Essa moderna heroína do nosso século costumava dizer:

"Como não viver o drama de outras mães que não têm coragem ou às vezes não têm dinheiro para correr o mundo gritando como eu fazia para procurar o filho desaparecido."

Dedicatória

À Glória Peres, pela Dani

Às mães de Acari

Às mães da Cinelândia

Às mães da Candelária

Às mães da Praça de Maio

Às mães cubanas, que perderam seus filhos na ditadura de Fulgêncio Baptista

À todas aquelas que perderam seus filhos, de algum modo, abruptamente

Ao dedicar o seu enredo do carnaval de 1998, à Glória Peres - por Dani - às mães de Acari, às mães da Cinelândia, às mães da Candelária, às mães da Praça de Maio, às mães cubanas que perderam seus filhos decapitados na ditadura de Fulgêncio Baptista e a todas que perderam seus filhos
abruptamente, o G.R.E.S. Em Cima da Hora o faz consciente de sua finalidade social e desejando poder contribuir para a diminuição de tanta violência, de ontem e de hoje, buscando amenizar a dor daquelas mulheres abnegadas que perderam seus entes mais queridos.

Introdução

A originalidade das roupas elaboradas por Zuzu Angel nos leva ao Rio do tempo das costureiras, pouco antes da explosão do prêt-à-porter carioca, na década de 70. Mulheres sofisticadas e especialistas em criar o estilo sob medida em ateliês personalizados quase familiares. Zuzu definia-se como costureira e de todas foi a que melhor teceu com renda e temas nordestinos, estampas de anjos coloridos ou de tanques de guerra, um dos capítulos mais internacionais da moda brasileira.

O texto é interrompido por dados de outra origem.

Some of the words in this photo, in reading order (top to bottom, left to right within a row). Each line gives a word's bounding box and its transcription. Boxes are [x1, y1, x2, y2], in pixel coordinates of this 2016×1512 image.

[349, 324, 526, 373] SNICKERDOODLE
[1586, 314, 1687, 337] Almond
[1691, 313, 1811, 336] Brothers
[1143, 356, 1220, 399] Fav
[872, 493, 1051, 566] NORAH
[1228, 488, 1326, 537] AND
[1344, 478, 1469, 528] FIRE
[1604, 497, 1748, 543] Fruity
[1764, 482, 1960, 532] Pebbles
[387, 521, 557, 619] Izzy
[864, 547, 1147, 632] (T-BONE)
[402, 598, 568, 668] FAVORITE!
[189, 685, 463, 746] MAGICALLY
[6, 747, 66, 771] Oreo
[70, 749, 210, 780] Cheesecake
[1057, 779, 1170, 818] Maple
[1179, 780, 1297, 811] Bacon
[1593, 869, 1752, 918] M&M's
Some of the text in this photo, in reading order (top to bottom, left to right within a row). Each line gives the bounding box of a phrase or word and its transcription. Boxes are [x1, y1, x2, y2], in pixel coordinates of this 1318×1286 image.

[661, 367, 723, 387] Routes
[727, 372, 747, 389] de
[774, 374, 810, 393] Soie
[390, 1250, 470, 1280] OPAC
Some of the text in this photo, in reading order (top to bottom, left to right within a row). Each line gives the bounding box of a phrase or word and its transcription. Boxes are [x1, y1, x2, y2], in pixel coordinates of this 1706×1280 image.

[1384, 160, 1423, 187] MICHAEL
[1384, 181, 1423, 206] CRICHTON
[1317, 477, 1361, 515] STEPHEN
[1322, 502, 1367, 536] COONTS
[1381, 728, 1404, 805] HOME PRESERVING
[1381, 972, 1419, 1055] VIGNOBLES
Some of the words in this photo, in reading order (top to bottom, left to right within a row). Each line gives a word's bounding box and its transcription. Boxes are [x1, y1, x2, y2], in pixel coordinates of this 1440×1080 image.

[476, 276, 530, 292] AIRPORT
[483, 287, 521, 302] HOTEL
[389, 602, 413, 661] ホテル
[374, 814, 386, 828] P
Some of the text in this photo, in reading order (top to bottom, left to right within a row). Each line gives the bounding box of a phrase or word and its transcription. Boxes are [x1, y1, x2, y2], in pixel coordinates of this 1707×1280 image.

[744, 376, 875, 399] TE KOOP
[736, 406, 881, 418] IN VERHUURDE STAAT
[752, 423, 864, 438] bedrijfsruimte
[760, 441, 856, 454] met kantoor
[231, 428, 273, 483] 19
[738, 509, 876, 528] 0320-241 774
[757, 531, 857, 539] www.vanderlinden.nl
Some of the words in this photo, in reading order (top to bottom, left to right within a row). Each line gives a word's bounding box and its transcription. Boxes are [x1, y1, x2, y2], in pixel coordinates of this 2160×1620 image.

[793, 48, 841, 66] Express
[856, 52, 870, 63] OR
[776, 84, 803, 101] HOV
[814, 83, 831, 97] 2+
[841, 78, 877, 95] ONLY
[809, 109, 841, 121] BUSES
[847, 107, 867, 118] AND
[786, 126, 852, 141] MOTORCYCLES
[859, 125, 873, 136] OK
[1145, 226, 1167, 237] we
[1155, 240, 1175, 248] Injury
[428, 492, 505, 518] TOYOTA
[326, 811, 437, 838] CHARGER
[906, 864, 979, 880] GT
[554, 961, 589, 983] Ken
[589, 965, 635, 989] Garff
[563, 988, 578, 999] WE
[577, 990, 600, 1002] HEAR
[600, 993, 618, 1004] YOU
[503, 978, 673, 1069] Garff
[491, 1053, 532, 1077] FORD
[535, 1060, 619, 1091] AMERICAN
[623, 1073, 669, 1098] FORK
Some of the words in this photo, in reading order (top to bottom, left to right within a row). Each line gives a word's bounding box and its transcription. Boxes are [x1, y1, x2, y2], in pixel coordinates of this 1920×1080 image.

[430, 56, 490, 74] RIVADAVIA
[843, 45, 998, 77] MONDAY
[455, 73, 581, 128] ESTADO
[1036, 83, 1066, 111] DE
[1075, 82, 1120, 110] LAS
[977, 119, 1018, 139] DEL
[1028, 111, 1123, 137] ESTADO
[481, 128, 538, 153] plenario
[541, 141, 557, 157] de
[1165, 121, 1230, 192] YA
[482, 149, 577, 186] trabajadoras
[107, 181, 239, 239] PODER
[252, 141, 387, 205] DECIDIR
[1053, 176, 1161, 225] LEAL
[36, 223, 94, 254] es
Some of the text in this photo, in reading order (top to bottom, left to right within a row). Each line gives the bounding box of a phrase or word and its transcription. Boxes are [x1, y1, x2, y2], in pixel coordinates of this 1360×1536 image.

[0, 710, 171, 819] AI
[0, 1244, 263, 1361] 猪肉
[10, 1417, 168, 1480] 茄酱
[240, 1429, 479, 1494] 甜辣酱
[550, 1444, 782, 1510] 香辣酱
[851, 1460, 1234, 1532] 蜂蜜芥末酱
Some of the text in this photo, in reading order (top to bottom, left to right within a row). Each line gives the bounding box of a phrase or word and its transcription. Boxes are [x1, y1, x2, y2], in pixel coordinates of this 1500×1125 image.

Mineira de Curvelo, Zuzu foi uma das primeiras a apostar em roupas em série e a exportar o estilo nacional.

Para isso, usou em seus 75 modelos expostos em 1970 na Bergdorf Goodman em Nova York, as imagens de Lampião e Maria Bonita, comparadas pela jornalista Bernardine Morris, em reportagem do "New York Times" a Bonnie e Clyde. Antes disso, entretanto, o look Zuzu já tinha conquistado Joan Crawford, quando esta visitou o Rio em 1969, Kim Novak e Jean Schrimpton.

A alegria das estampas de Zuzu se transformou em 1971. Os anjos viraram soldados que, acompanhados por tanques, desfilaram no que a estilista chamou de "a primeira coleção de moda política da história".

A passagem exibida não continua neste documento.